### WORK TO BE COMPLETED
Give the listing again exactly, omitting its images.

* * * *

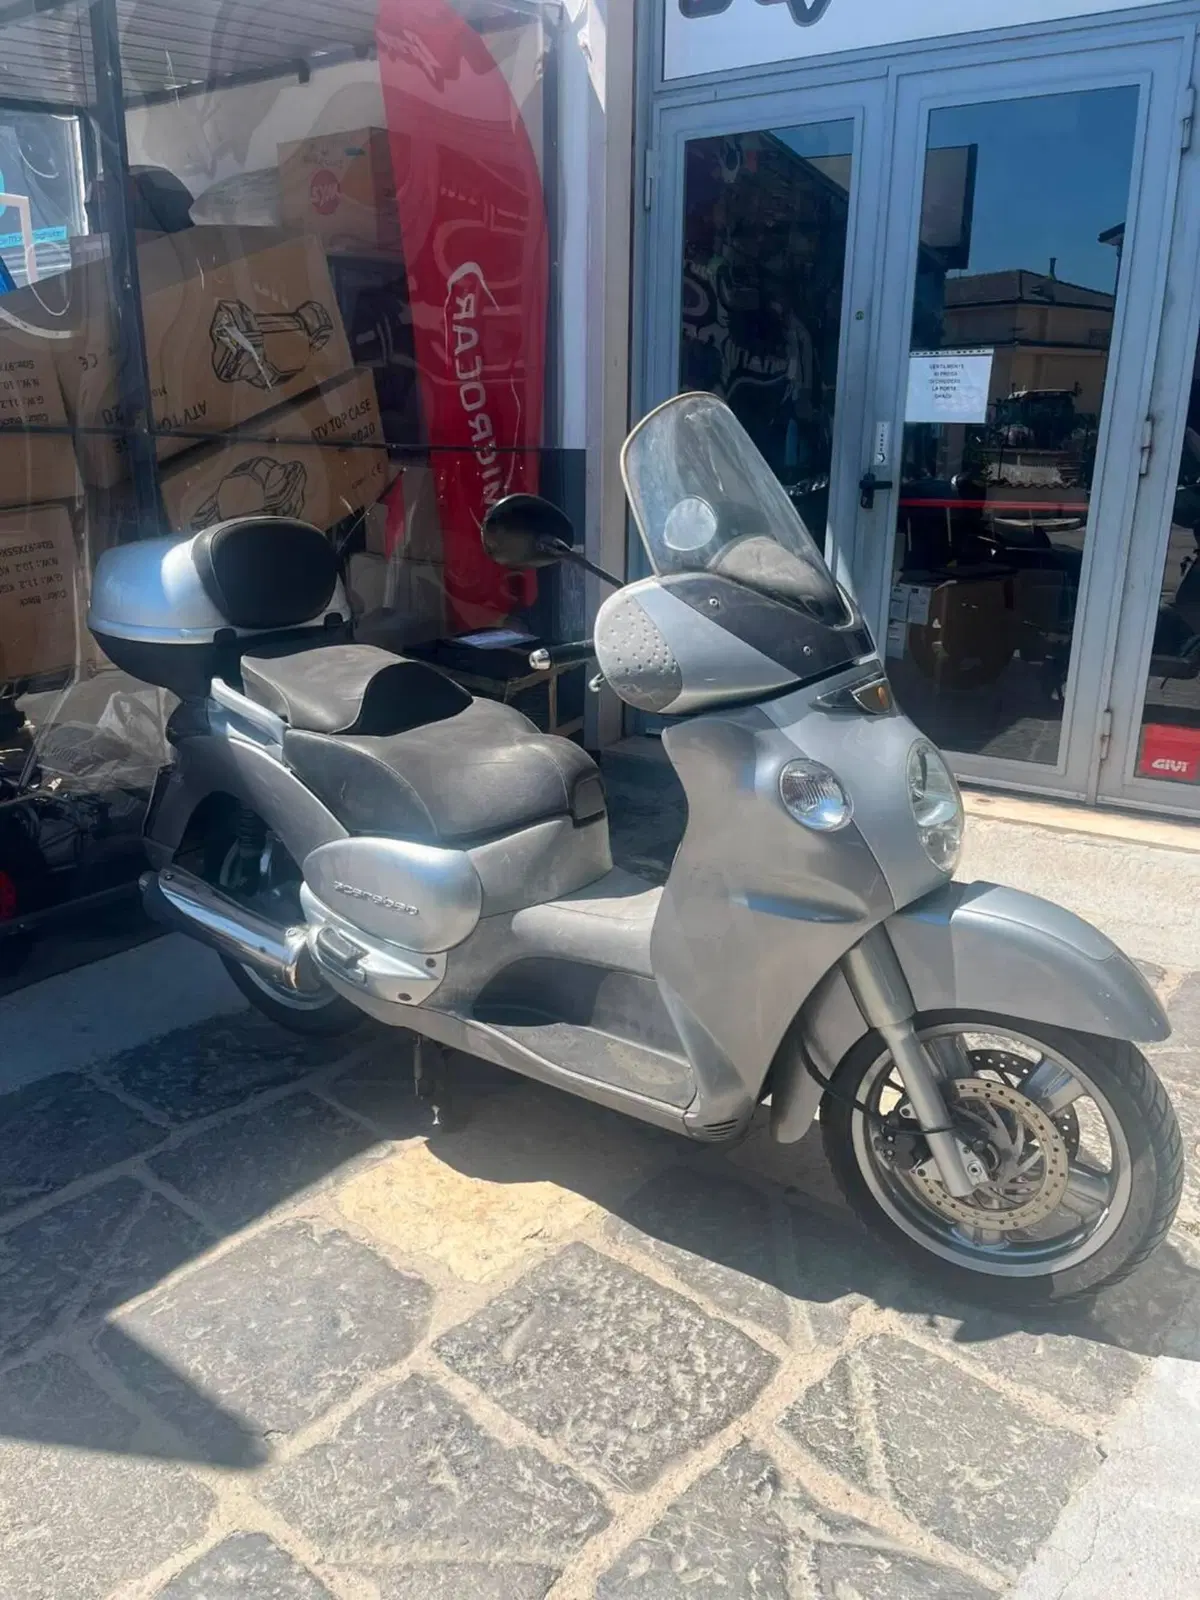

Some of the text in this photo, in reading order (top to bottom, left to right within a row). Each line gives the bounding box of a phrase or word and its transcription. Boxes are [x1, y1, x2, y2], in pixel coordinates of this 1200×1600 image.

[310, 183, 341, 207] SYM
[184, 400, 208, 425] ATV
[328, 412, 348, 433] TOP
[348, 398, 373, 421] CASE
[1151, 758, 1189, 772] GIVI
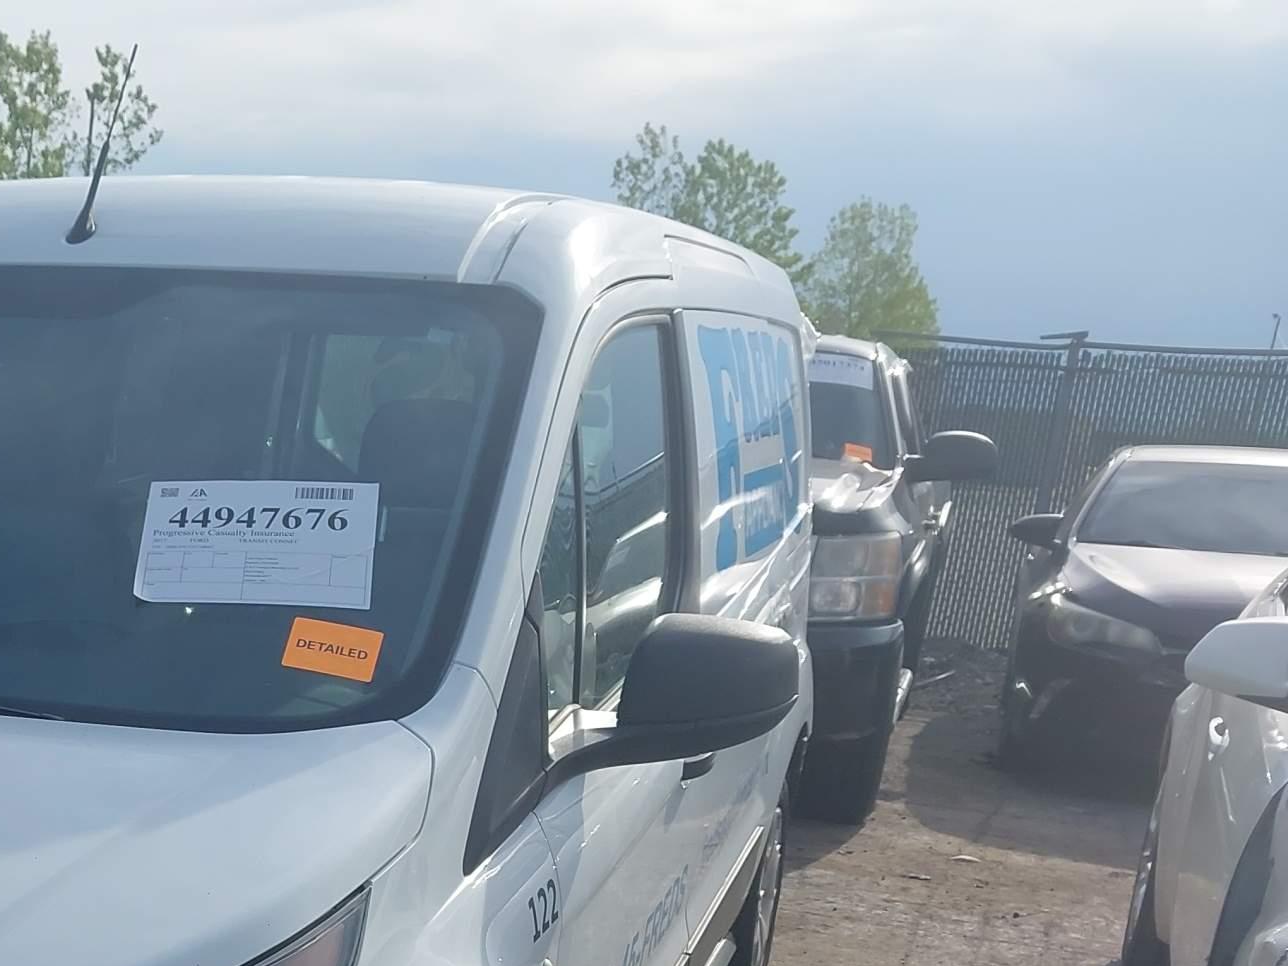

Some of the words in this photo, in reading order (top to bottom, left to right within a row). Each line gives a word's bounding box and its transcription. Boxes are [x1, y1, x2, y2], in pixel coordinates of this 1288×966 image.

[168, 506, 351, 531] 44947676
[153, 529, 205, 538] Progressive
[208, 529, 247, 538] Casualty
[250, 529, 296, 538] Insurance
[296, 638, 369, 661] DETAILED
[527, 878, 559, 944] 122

* * * *

### SOLVED PROBLEM
Some of the text in this photo, in reading order (top to bottom, left to right within a row). Each line gives the bounding box of a phrase or word and its transcription. Boxes are [x1, y1, x2, y2], in pixel coordinates of this 1200×1600 image.

[310, 183, 341, 207] SYM
[184, 400, 208, 425] ATV
[328, 412, 348, 433] TOP
[348, 398, 373, 421] CASE
[1151, 758, 1189, 772] GIVI

Some of the words in this photo, in reading order (top to bottom, left to right within a row). Each line gives a word's bounding box and its transcription. Boxes are [x1, y1, x2, y2], in pixel coordinates of this 1288×966 image.

[168, 506, 351, 531] 44947676
[153, 529, 205, 538] Progressive
[208, 529, 247, 538] Casualty
[250, 529, 296, 538] Insurance
[296, 638, 369, 661] DETAILED
[527, 878, 559, 944] 122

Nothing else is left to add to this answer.